-------- EXCERPTED DATA
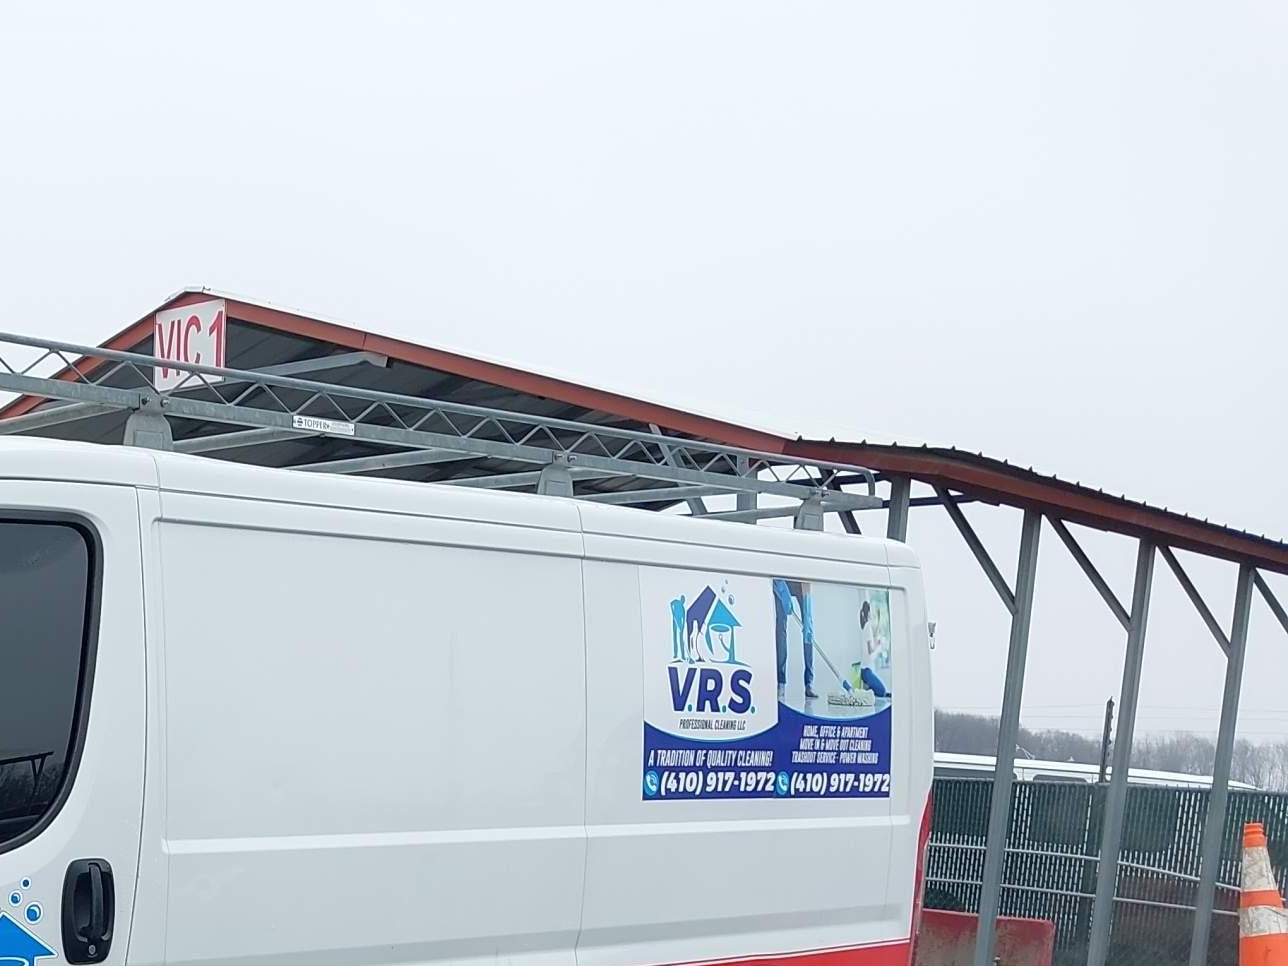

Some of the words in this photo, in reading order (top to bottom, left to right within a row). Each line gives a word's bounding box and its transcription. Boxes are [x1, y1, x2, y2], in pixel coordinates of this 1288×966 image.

[157, 314, 202, 379] VIC
[208, 310, 223, 367] 1
[668, 666, 756, 714] V.R.S.
[679, 718, 713, 730] PROFESSIONAL
[714, 720, 736, 731] CLEANING
[737, 721, 746, 731] LLC
[648, 750, 655, 767] A
[656, 750, 695, 767] TRADITION
[696, 751, 706, 767] OF
[707, 751, 737, 768] QUALITY
[737, 751, 774, 767] CLEANING!
[660, 771, 703, 796] (410)
[705, 771, 776, 792] 917-1972
[790, 772, 827, 796] (410)
[829, 773, 890, 792] 917-1972
----------------
## WORK INSTRUCTION
Copy the preceding data in full and word for word, dropping its pictures.

## REPLY TO THE TASK
Some of the words in this photo, in reading order (top to bottom, left to right within a row). Each line gives a word's bounding box and its transcription. Boxes are [x1, y1, x2, y2], in pixel coordinates of this 1288×966 image.

[157, 314, 202, 379] VIC
[208, 310, 223, 367] 1
[668, 666, 756, 714] V.R.S.
[679, 718, 713, 730] PROFESSIONAL
[714, 720, 736, 731] CLEANING
[737, 721, 746, 731] LLC
[648, 750, 655, 767] A
[656, 750, 695, 767] TRADITION
[696, 751, 706, 767] OF
[707, 751, 737, 768] QUALITY
[737, 751, 774, 767] CLEANING!
[660, 771, 703, 796] (410)
[705, 771, 776, 792] 917-1972
[790, 772, 827, 796] (410)
[829, 773, 890, 792] 917-1972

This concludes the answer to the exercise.